…in 10 years we’ll have the technology to construct human genomes – from scratch. …So what the genetic engineer of the future wants is a laptop computer hooked up to a database of standard bio-parts [see the Biobricks Foundation, and MIT's Registry of Standard Biological Parts]. On that computer I want to run software that allows me to mix and match the parts to define a big piece of DNA that will be the program for the bio-system I want to build. The design I develop with my program gets shipped to a DNA synthesis company which ships the finished DNA back to me by overnight express. Think of chip design/chip fab — but for living systems.
Yesterday, while cycling the Derwent River in Hobart, I listened to Futures in Biotech podcast 008 — an interview with MIT prof. Dr. Drew Endy titled Genetic Engineering 2.0: Synthetic Biology. The MP3 is here. Be warned that the audio quality on this episode is poor – but the content more than justifies the effort.

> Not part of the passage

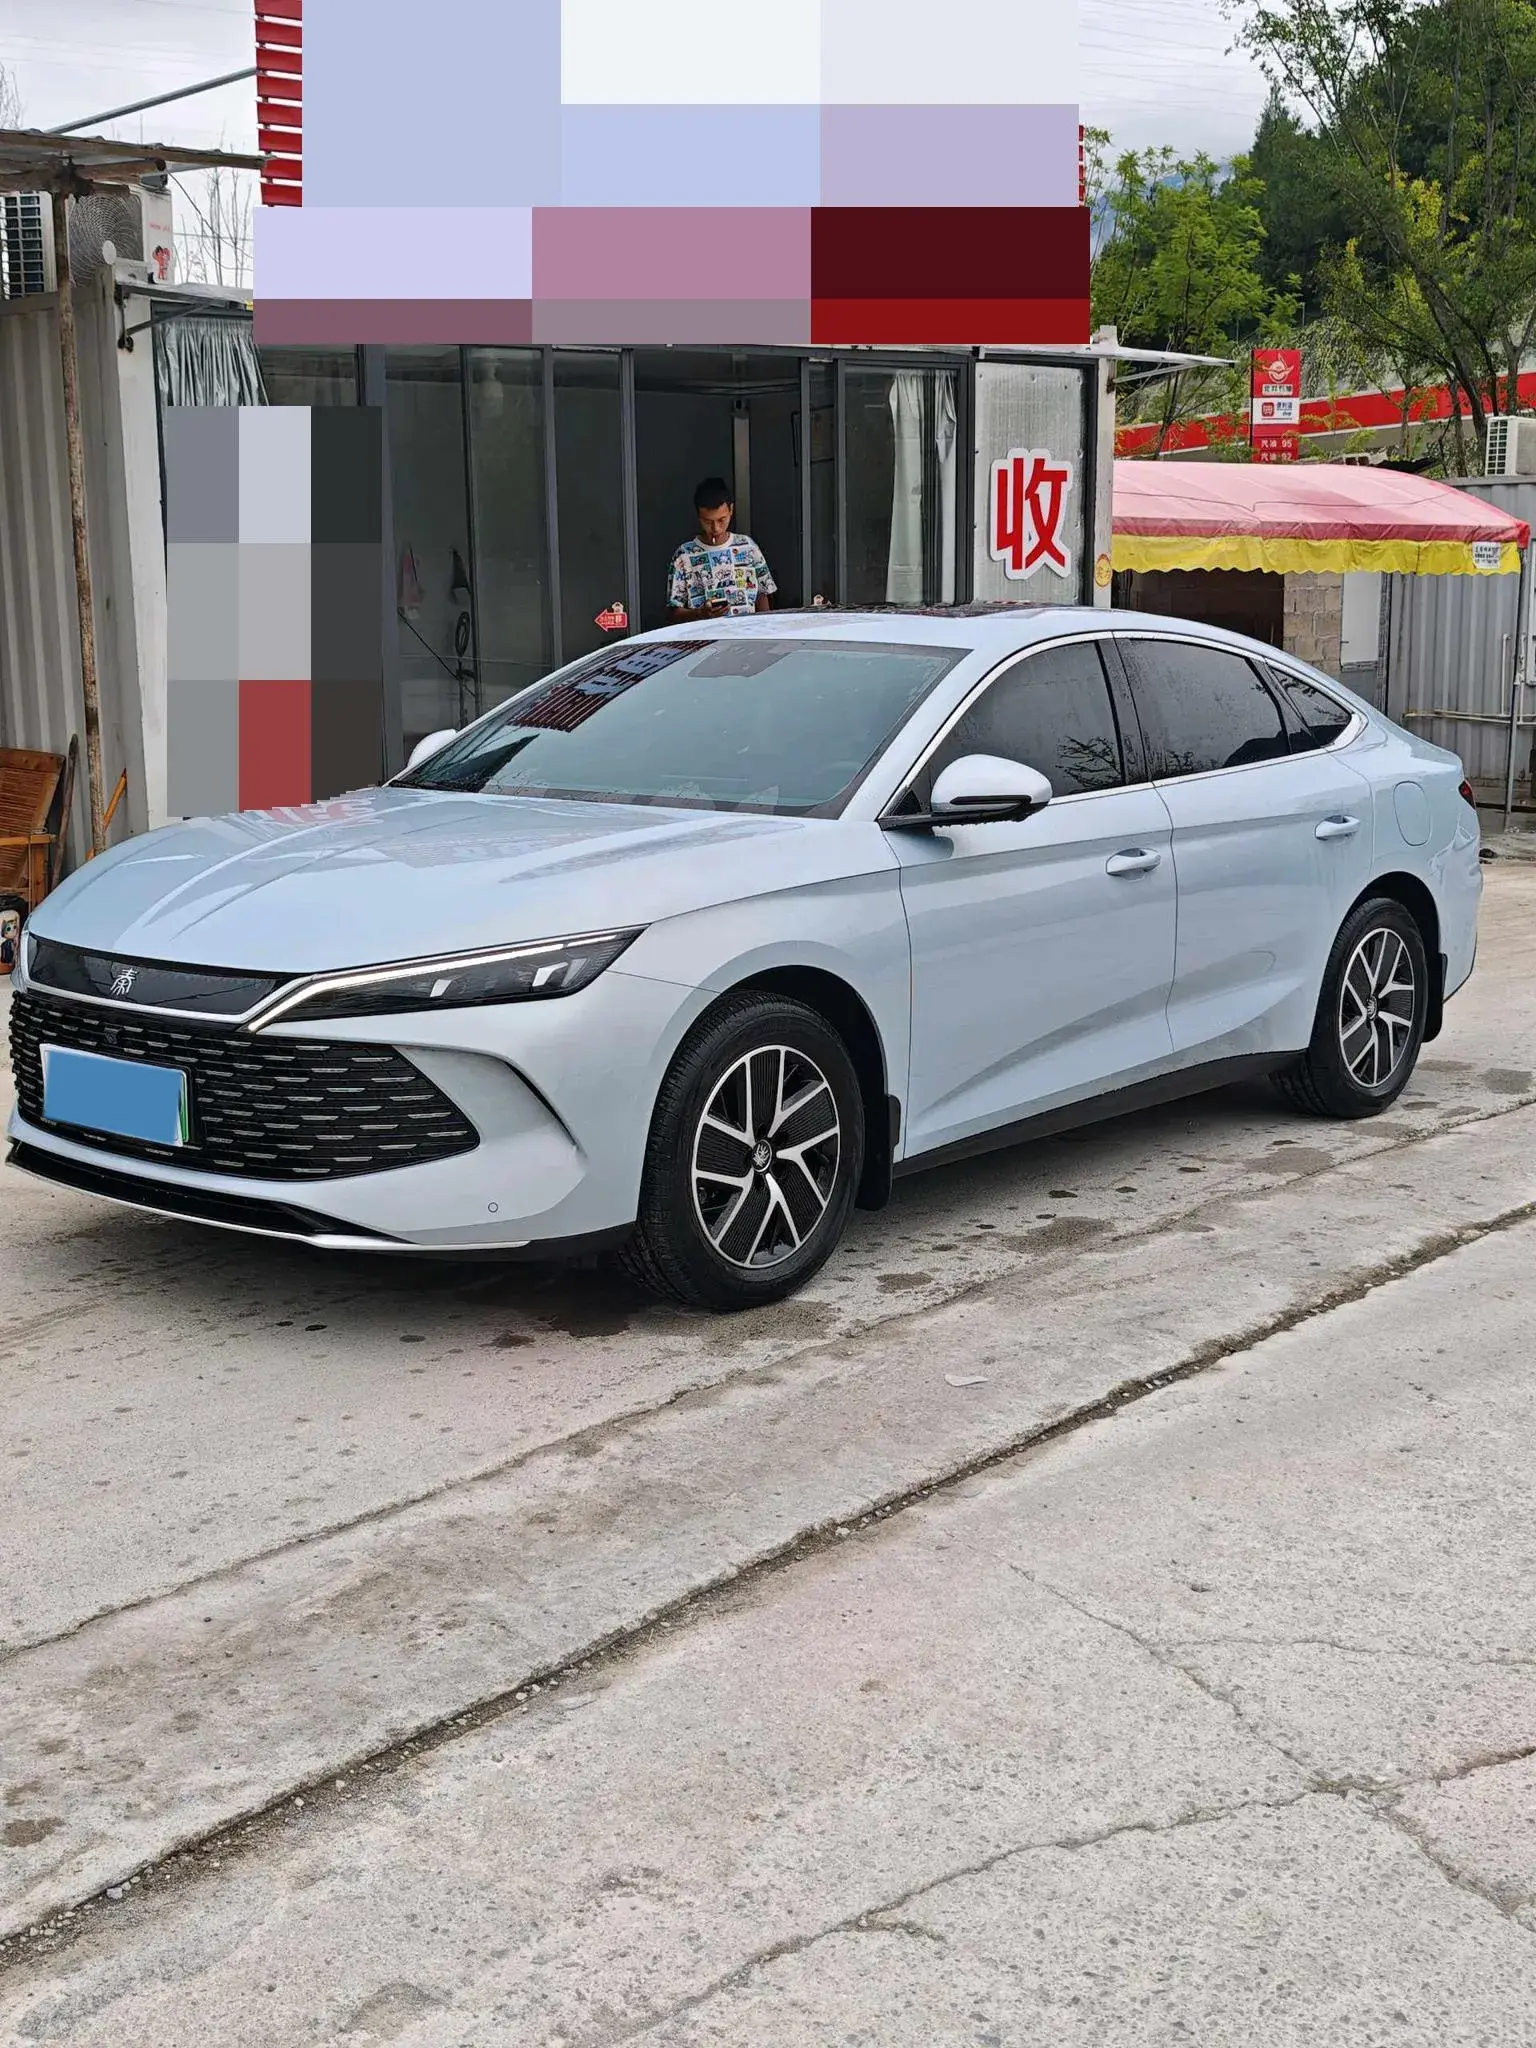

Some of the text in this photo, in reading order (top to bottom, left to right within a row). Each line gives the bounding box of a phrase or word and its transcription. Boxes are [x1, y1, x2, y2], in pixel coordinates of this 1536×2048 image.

[1281, 439, 1293, 448] 95
[997, 457, 1067, 570] 收
[111, 968, 138, 996] 秦

Dr. Endy [Wikipedia] is an engineer’s engineer — one of those who are building the reality predicted by Ray Kurzweil’s “Law of Accelerating Returns“. For those who think Kurzweil is over-the-top optimistic in his forecasts, I highly recommend the entire Futures in Biotech series. After you hear what the researchers in the field are accomplishing you’ll understand where Kurzweil is coming from. Endy’s overview of what his MIT lab is up to:
We are working to enable the design and construction of large scale integrated biological systems. Biology presents a new medium for engineering and contains many domain-specific challenges (e.g., evolution). Still, in getting started, we can make use of past successful experience in other disciplines. We are currently exploring the application of three past engineering lessons: (1) standardization of components, conditions, and characterization, (2) abstraction as a tool for hiding information and managing complexity, and (3) decoupling of overwhelming, complicated problems into many simpler problems (e.g., design and fabrication).
In this podcast Dr. Endy explains several key elements of synthetic biology. E.g., DNA synthesis, which is the interface between the design/modeling software and the wetware — effectively “a matter compiler for the stuff that programs living organisms”.
Paraphrasing Dr. Endy: So what the genetic engineer of the future wants is a laptop computer hooked up to a database of standard bio-parts [see the Biobricks Foundation, and MIT's Registry of Standard Biological Parts]. On that computer I want to run software that allows me to mix and match the parts to define a big piece of DNA that will be the program for the bio-system I want to build. The design I develop with my program gets shipped to a DNA synthesis company which ships the finished DNA back to me by overnight express. Think of chip design/chip fab — but for living systems.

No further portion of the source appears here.